Thanks Peggy for adding your tomato comment  (click above comment tab to read it).  If you look on the wood side of the tomato bed you will find the small white tags that tell what variety was planted in the area.  I agree that we should keep a record of what did well here.  I think all the heirlooms did well.  I tried to lay a couple vines down and heal the stems into the soil to get a re-root.  It was messy and I question if it will work but we will see.  Your suggestion to cut back the rest and use a bloom set spray is worth a try.  I want to purchase a couple late varieties and see if they will grow with our short day conditions.  There are still a few small green tomatoes on the hybrid plants that can be taken and served as fried green tomatoes.  They seem to be going bad on the vine if left to ripen.

TODAY’S GARDEN

I hand watered the garden today as I wanted to ensure that all the new seedlings got drenched.  The pathway crabgrass is showing the effects of the herbicide.  We need to weed more in the beds before it gets away from us.  Bell Peppers may be turning a wonderful ripe yellow.  Check them out Peggy.   We may want to check out the yellow colored watermelons as they may be ripe now.  Also might want to take one of the dark green ones to check.  I think it is time to add fertilizer (10-10-10 ) to the beds that have been replanted.  Is anyone harvesting the spinach anymore?  It looks like it needs to be cut back to a foot height and started over again.  I still have a half dozen new plants rooted in my kitchen.  We can take the cuttings and root them also for a big crop next year as they are perennials and should over winter if mulched.  Fig rootings look very strong and should make great transplants this fall.

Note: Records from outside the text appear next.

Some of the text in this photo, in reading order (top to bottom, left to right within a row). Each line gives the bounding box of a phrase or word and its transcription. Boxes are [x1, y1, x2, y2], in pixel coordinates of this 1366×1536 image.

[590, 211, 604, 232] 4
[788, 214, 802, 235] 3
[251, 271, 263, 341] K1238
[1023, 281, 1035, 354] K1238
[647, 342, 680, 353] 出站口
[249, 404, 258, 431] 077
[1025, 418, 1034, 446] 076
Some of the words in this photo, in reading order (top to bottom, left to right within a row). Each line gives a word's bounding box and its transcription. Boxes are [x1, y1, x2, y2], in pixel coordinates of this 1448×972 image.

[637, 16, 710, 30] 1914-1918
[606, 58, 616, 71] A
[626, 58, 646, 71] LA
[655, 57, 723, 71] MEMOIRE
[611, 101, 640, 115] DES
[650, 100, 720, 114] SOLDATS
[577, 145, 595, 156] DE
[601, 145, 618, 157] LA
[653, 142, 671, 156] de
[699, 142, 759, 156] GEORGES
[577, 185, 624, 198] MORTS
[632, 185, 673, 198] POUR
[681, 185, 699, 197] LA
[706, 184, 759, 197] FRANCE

I was thinking that as some of our beds come out of production that we should take advantage of the summer heat and sterilize the soil under a cover of plastic.  This will take care of the nematodes, virus spores, squash bores, and anything else under there that will harm our plants next year.  All we need is a couple layers of clear plastic the size of the bed.  When Davis gets back at the end of the month, we need to start on building the new beds to the south of the garden.  I think we can get five 30 x 2 foot beds there.  That will be a great place to rotate our tomatoes into.

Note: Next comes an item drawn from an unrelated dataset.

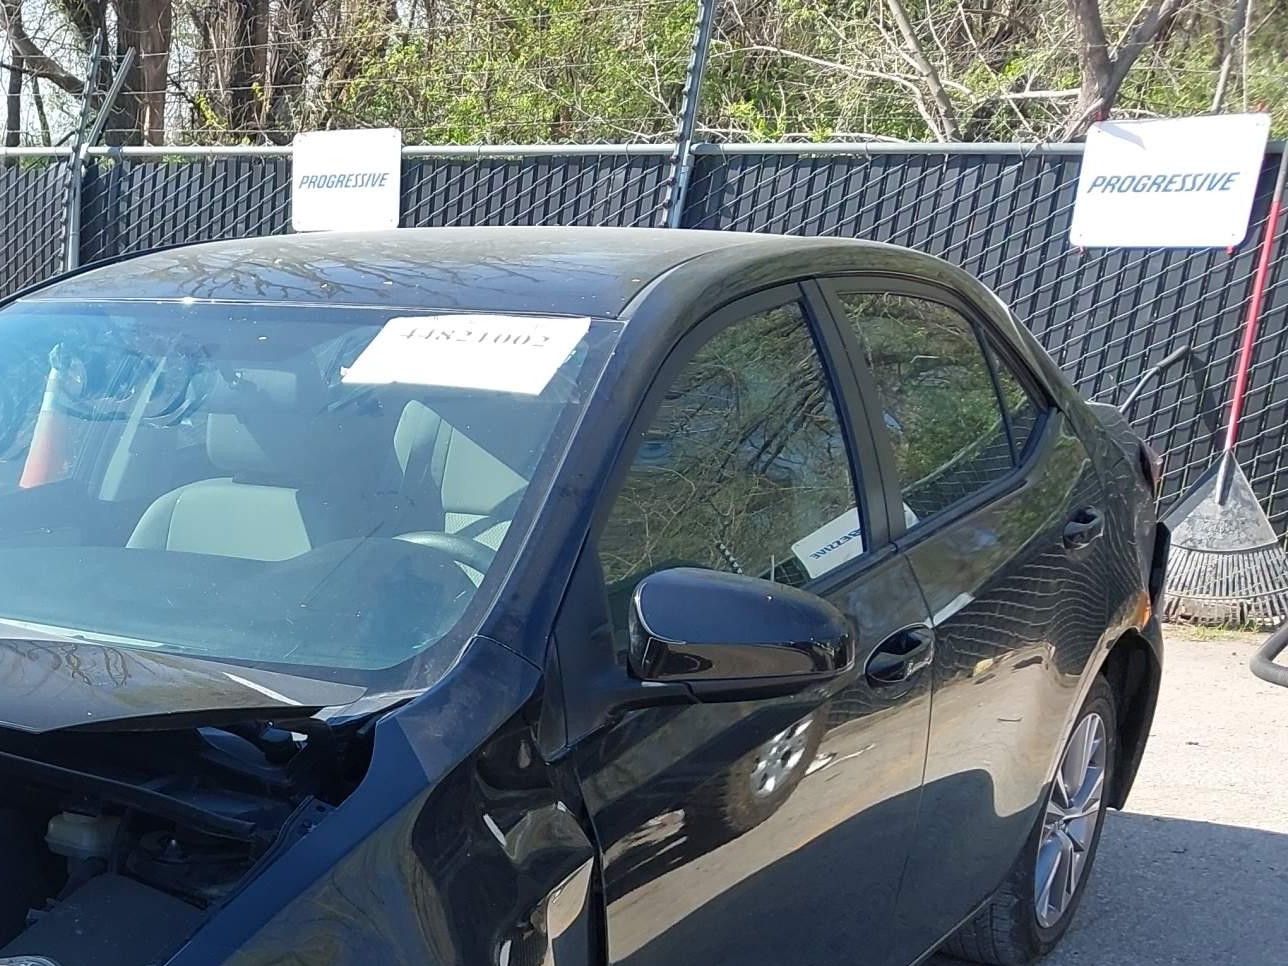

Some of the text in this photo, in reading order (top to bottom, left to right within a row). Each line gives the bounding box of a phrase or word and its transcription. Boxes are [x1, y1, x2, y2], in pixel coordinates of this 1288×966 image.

[298, 172, 390, 189] PROGRESSIVE
[1087, 171, 1241, 194] PROGRESSIVE
[401, 328, 550, 347] 44821002

Let me remind everyone that I will be gone from July 7 until the space shuttle launches (hope to be back on the 10th) so garden care and watering needs to be done by those remaining here.  You may find that a few of the chickens get out each day.  Cam and I tried to patch the areas where we thought they were escaping but today I had four outside the coop.  That is an improvement from the 15+ that have been getting out but still not acceptable.  We will keep investigating and solve the problem.    Just a reminder that there are at least a dozen eggs daily that need to be collected by anyone who needs them.  I have several dozen in the refrigerator and am getting tired of deviled  egg dinners.

I have ordered the Italian Squash seeds (Tromboncino) as well as a squash that can be grown under a cover cloth as it requires no pollination (Cavili) as well as a late Pac Chio, sunburst squash and Dominator Brussels Sprouts.  I think the Tromboncino is similar to the Zacchetta rampicante.  Looks the same in the photos.

Gordon

Comments (1)

I stopped by the garden about 11:15 AM and picked about 25 partially ripe figs and ate 3 that were ripe. There were others, out of reach, that require a ladder.
I went to the garden to see if anything was available. I noticed the gate was not closed, the electric wires were down and the fence unplugged. I did not see much in the garden so I closed the gate and restored the fence to operation.